• **THE DATA**
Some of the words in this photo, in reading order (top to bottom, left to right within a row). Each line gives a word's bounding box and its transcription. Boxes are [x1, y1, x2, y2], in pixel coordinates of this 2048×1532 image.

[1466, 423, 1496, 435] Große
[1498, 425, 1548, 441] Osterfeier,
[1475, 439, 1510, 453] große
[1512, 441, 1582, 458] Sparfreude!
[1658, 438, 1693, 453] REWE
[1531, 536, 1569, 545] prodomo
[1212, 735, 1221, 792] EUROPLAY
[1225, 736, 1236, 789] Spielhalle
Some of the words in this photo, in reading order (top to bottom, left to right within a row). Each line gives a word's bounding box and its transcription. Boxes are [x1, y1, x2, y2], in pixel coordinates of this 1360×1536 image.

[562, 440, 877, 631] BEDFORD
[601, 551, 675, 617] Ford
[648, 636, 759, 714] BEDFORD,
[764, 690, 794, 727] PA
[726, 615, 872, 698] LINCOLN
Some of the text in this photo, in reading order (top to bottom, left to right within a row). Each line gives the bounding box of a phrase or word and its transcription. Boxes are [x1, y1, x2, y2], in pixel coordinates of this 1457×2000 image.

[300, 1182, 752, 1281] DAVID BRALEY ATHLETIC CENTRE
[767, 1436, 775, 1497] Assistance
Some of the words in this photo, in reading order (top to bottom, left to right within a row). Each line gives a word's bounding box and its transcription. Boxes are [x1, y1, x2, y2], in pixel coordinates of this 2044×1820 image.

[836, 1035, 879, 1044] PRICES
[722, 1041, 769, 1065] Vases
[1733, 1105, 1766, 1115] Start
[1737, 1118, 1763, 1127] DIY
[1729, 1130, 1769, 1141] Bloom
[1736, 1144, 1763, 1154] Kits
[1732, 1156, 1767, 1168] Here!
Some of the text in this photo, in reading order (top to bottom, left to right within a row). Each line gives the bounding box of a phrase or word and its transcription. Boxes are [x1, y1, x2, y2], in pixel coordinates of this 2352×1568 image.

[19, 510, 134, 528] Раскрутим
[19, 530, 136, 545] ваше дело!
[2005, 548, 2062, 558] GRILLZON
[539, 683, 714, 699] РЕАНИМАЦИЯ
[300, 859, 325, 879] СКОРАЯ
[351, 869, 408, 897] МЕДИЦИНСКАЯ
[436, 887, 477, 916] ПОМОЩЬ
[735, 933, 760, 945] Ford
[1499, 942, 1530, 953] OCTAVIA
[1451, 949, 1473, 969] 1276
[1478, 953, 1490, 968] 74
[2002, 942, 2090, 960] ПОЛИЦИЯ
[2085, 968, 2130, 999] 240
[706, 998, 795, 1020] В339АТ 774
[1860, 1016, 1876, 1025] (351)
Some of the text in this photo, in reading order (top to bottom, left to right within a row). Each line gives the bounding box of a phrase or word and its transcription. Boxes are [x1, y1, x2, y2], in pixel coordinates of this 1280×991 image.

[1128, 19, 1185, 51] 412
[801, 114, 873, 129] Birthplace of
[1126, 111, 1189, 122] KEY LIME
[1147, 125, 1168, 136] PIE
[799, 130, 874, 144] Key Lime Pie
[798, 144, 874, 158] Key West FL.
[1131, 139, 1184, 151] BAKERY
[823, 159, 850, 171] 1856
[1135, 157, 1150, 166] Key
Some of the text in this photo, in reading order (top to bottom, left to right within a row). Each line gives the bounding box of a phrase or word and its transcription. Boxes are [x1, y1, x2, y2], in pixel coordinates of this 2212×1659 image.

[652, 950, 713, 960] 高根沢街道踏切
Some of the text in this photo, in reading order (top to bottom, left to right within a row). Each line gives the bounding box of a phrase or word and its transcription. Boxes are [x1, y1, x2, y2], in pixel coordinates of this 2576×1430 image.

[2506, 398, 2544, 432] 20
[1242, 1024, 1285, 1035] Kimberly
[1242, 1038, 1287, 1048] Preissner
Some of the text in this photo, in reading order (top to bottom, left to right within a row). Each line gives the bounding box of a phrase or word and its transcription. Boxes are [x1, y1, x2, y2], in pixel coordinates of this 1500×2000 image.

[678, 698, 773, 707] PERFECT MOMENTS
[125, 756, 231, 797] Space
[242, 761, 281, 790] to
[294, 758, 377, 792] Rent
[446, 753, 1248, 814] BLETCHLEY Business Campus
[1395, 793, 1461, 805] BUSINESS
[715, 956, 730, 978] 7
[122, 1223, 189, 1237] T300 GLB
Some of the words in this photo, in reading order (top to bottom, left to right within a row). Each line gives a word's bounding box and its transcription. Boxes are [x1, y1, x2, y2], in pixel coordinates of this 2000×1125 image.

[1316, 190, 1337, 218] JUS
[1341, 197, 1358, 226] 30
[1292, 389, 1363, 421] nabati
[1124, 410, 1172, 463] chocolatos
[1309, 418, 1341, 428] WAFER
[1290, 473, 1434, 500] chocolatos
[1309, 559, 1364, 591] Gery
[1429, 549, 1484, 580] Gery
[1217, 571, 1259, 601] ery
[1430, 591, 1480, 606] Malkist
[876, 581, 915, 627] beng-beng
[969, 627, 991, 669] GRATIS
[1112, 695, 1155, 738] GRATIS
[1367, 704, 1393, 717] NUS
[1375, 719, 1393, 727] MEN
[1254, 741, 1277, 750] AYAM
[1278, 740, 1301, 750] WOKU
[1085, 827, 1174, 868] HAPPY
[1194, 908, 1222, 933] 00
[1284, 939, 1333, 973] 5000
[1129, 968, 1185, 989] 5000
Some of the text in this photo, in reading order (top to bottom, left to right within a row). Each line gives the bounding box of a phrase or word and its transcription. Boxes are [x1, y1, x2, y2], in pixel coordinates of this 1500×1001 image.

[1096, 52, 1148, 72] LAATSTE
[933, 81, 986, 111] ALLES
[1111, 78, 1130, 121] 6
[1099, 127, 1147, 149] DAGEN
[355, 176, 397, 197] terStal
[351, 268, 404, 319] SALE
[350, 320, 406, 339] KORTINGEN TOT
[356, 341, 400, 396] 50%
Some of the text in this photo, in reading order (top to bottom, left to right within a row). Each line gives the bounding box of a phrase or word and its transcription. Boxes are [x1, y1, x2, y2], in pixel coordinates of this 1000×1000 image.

• **DIRECTIONS**
Write the lines out exactly, from the one with "this 1500×1001 image." down to the last line of the listing, and leave out all others.

• **WRITTEN SOLUTION**
Some of the text in this photo, in reading order (top to bottom, left to right within a row). Each line gives the bounding box of a phrase or word and its transcription. Boxes are [x1, y1, x2, y2], in pixel coordinates of this 1500×1001 image.

[1096, 52, 1148, 72] LAATSTE
[933, 81, 986, 111] ALLES
[1111, 78, 1130, 121] 6
[1099, 127, 1147, 149] DAGEN
[355, 176, 397, 197] terStal
[351, 268, 404, 319] SALE
[350, 320, 406, 339] KORTINGEN TOT
[356, 341, 400, 396] 50%
Some of the text in this photo, in reading order (top to bottom, left to right within a row). Each line gives the bounding box of a phrase or word and its transcription. Boxes are [x1, y1, x2, y2], in pixel coordinates of this 1000×1000 image.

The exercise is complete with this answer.